Your task :: Output the records below in full, word for word; pictures do not belong in it.

────────────────────

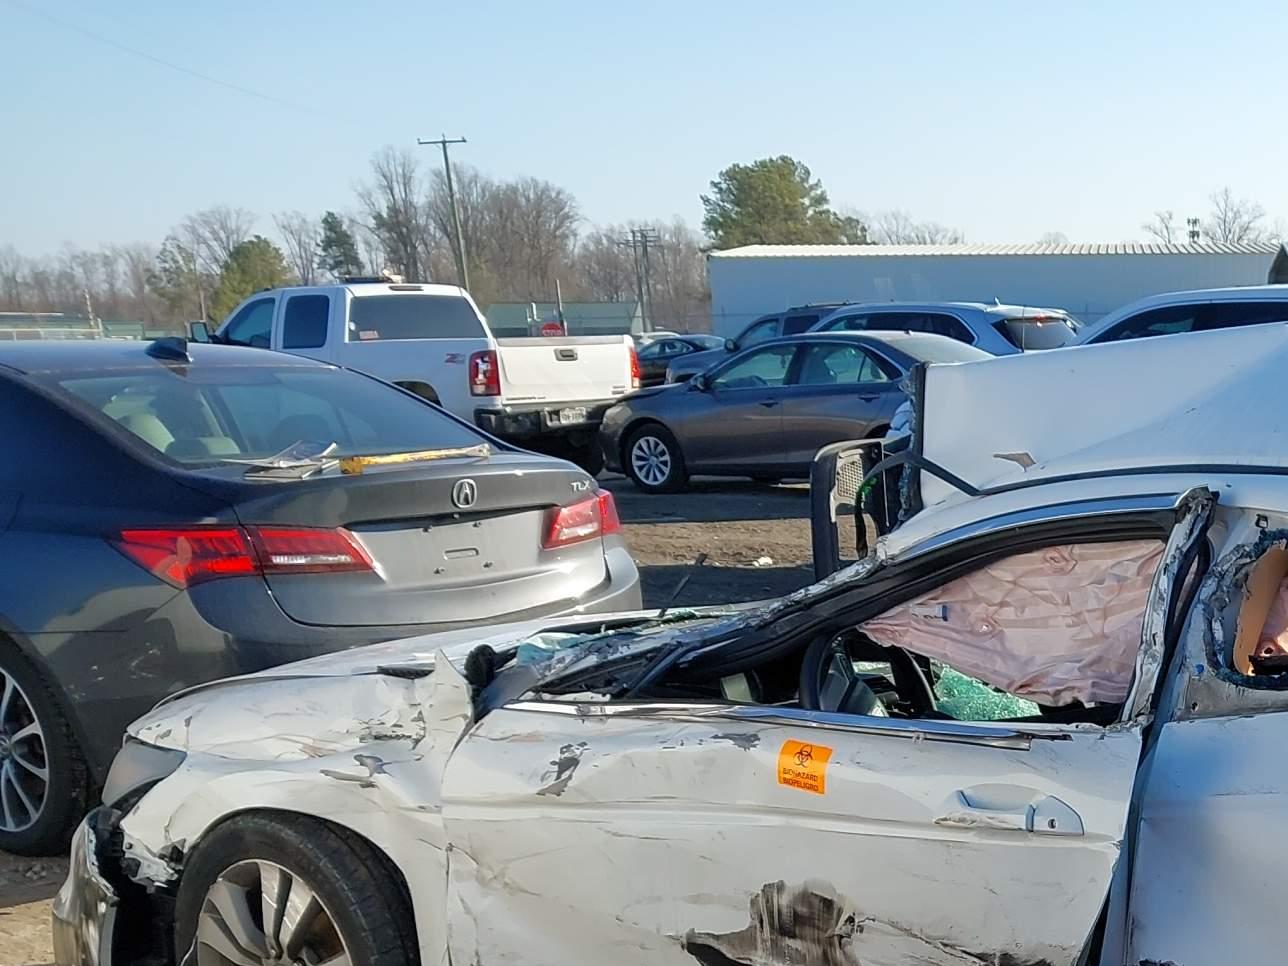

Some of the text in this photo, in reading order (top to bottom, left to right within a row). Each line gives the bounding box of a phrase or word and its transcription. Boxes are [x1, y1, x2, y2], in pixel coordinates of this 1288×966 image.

[570, 480, 591, 492] TLX
[783, 768, 818, 782] BIOHAZARD
[783, 777, 819, 792] BIOPELIGRO
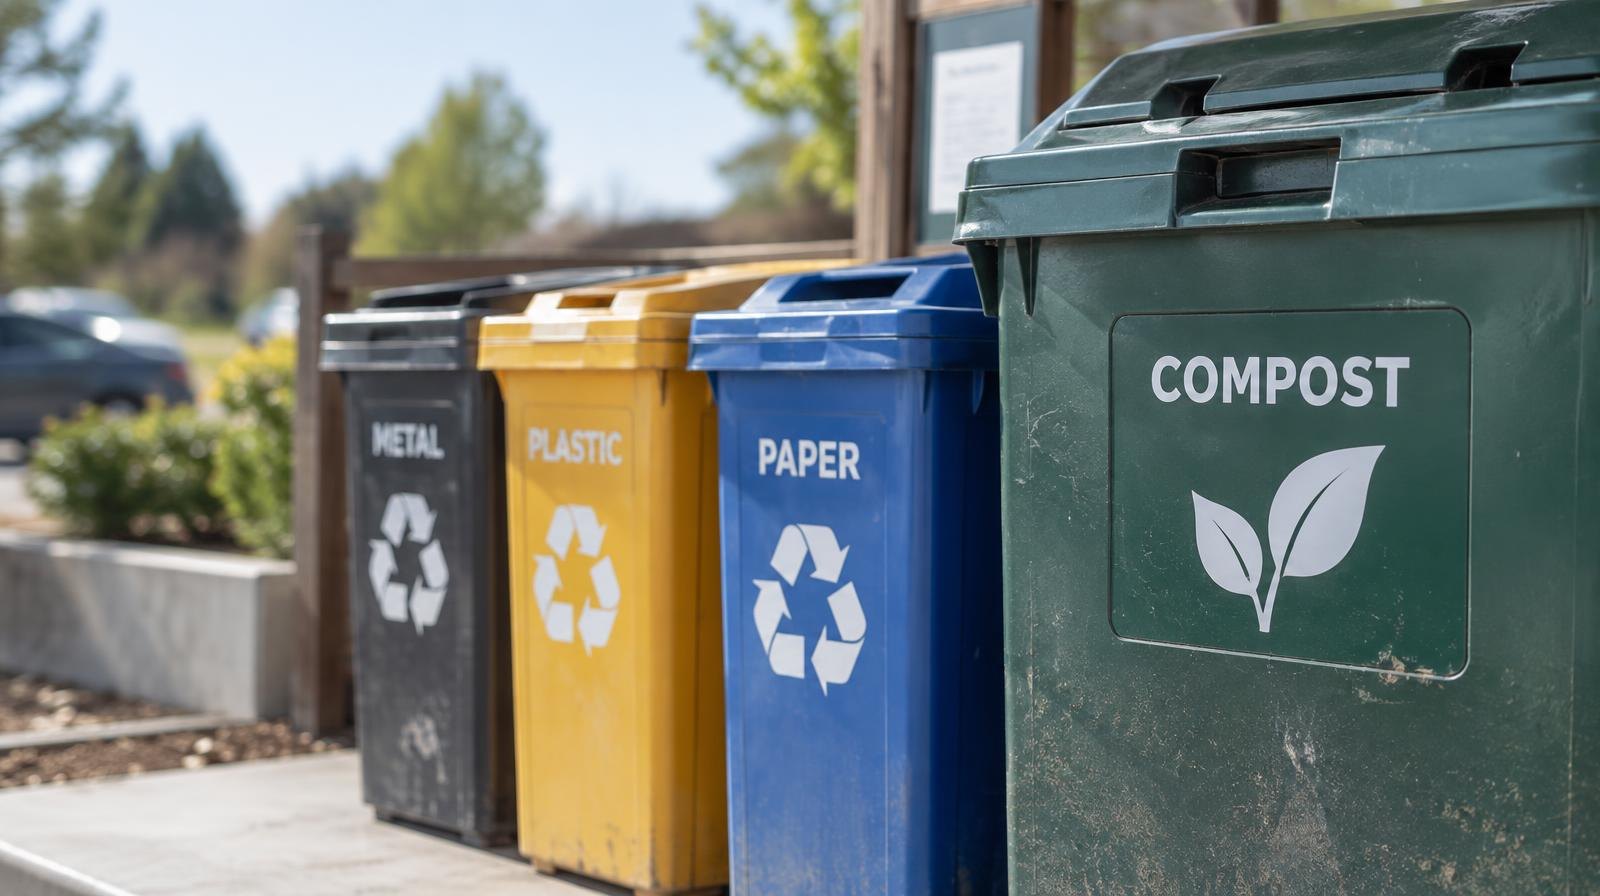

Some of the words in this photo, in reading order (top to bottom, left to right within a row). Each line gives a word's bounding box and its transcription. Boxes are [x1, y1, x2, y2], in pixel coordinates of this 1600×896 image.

[1151, 355, 1410, 407] COMPOST
[373, 423, 445, 459] METAL
[528, 428, 623, 465] PLASTIC
[758, 438, 861, 480] PAPER

────────────────────

Finished exercise ::
Some of the text in this photo, in reading order (top to bottom, left to right within a row). Each line gives the bounding box of a phrase or word and its transcription. Boxes are [x1, y1, x2, y2], in pixel coordinates of this 1288×966 image.

[570, 480, 591, 492] TLX
[783, 768, 818, 782] BIOHAZARD
[783, 777, 819, 792] BIOPELIGRO

Some of the words in this photo, in reading order (top to bottom, left to right within a row). Each line gives a word's bounding box and its transcription. Boxes are [x1, y1, x2, y2], in pixel coordinates of this 1600×896 image.

[1151, 355, 1410, 407] COMPOST
[373, 423, 445, 459] METAL
[528, 428, 623, 465] PLASTIC
[758, 438, 861, 480] PAPER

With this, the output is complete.